Jewish Immigration to Palestine from Western Ukraine (1919–1939)
Poland during the interwar period was one of the largest Jewish centers in the world. According to the 1921 census, it was home to 2,845,000 Jews, or over ten percent of the entire population.[1] Poland thus ranked second after the U.S.[2] A significant number of Jews lived in Western Ukraine. As of 1921, 862,071 people[3] (eleven percent of the total population) resided in five voivodeships of this region, and of them 83 percent resided in cities and towns.[4] In some towns, particularly Kovel, Lutsk, Volodymyr-Volynsky, Drohobych, Stryi, Kolomyia, Brody, and Chortkiv, Jews represented between thirty and fifty percent of the total population.[5]

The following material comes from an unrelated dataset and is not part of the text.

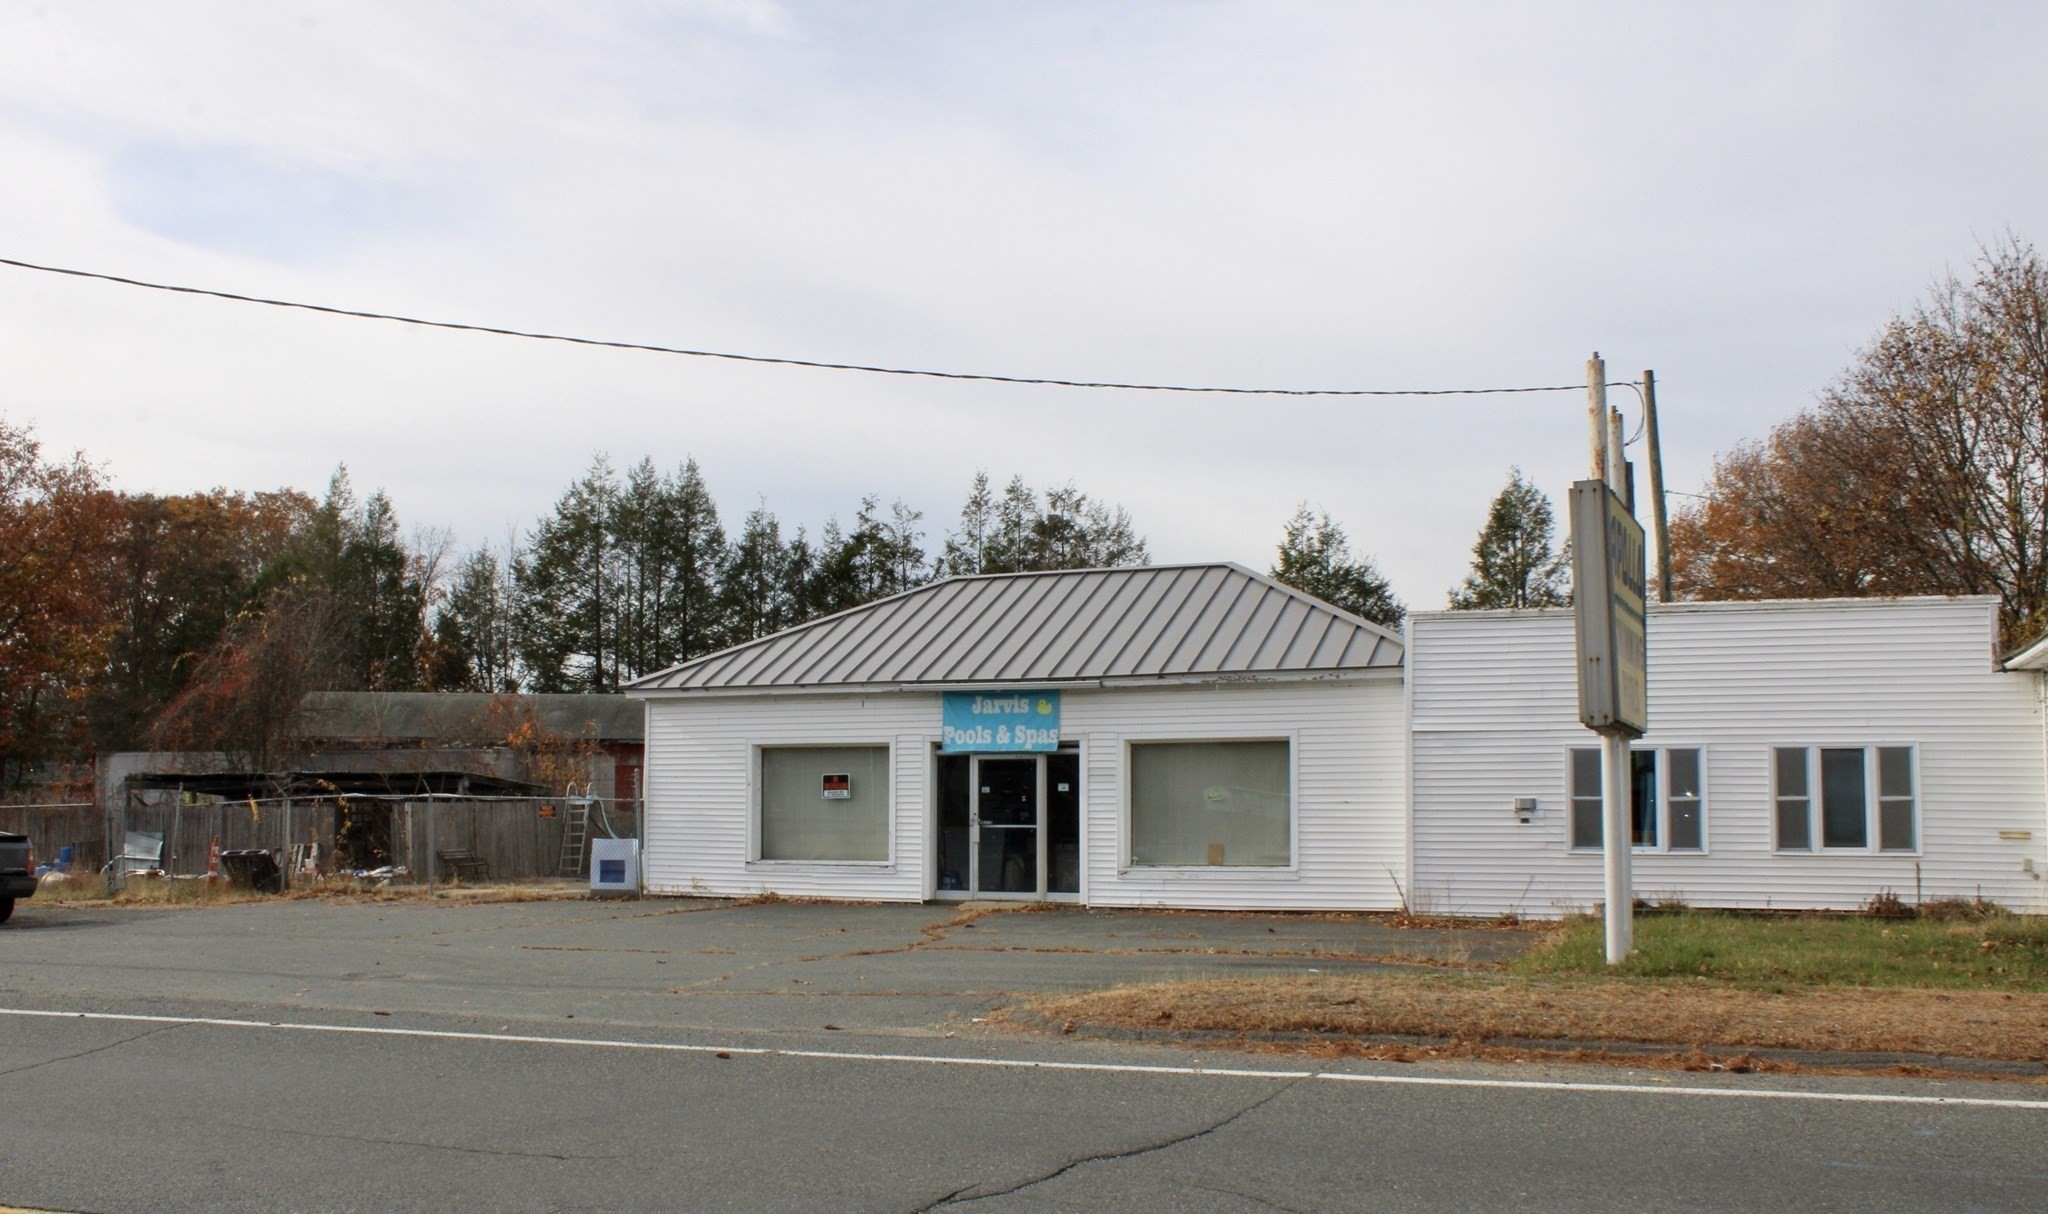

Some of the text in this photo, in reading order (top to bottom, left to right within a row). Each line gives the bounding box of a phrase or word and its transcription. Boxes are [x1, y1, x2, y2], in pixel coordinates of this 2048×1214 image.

This situation had a negative impact on the employment structure of the Jewish population. In 1921 only 5.7 percent of Jews in Western Ukraine were engaged in agriculture, whereas 80.7 percent of Jews worked in industrial production, trade, and communications.[6] Some trades (for example, tailoring and the jewelry business) were almost entirely in the hands of Jews. There was a similar pattern in law, medicine, theater, and other professions.[7] At the same time, only 33.9 percent of the Jewish population worked in the manufacturing sphere. Among other nationalities in Poland, this economic indicator was 54.2 percent.[1] All this determined a number of contradictions between the professional structure of Jews and the economic structure of the Polish state, and led to the rise of economic antisemitism and the pauperization of the Jewish population, which was concentrated in the non-productive sphere. In this connection, the well-known Polish specialist in Jewish issues Jan Ziemiński wrote: “The employment structure of the Jewish population attests that in Polish society they represent structurally a foreign element that resembles a pyramid standing on its head.”[2] According to his estimates, the surplus of Jews in Poland who were deprived of normal living conditions reached one million people.[3] Most of them were potential emigrants. It is no accident that between 1921 and 1930 the number of Jewish emigrants from Poland bound for countries overseas stood at 199,343 people, and exceeded the combined total of Roman Catholic and Greek Catholic emigrants.[4]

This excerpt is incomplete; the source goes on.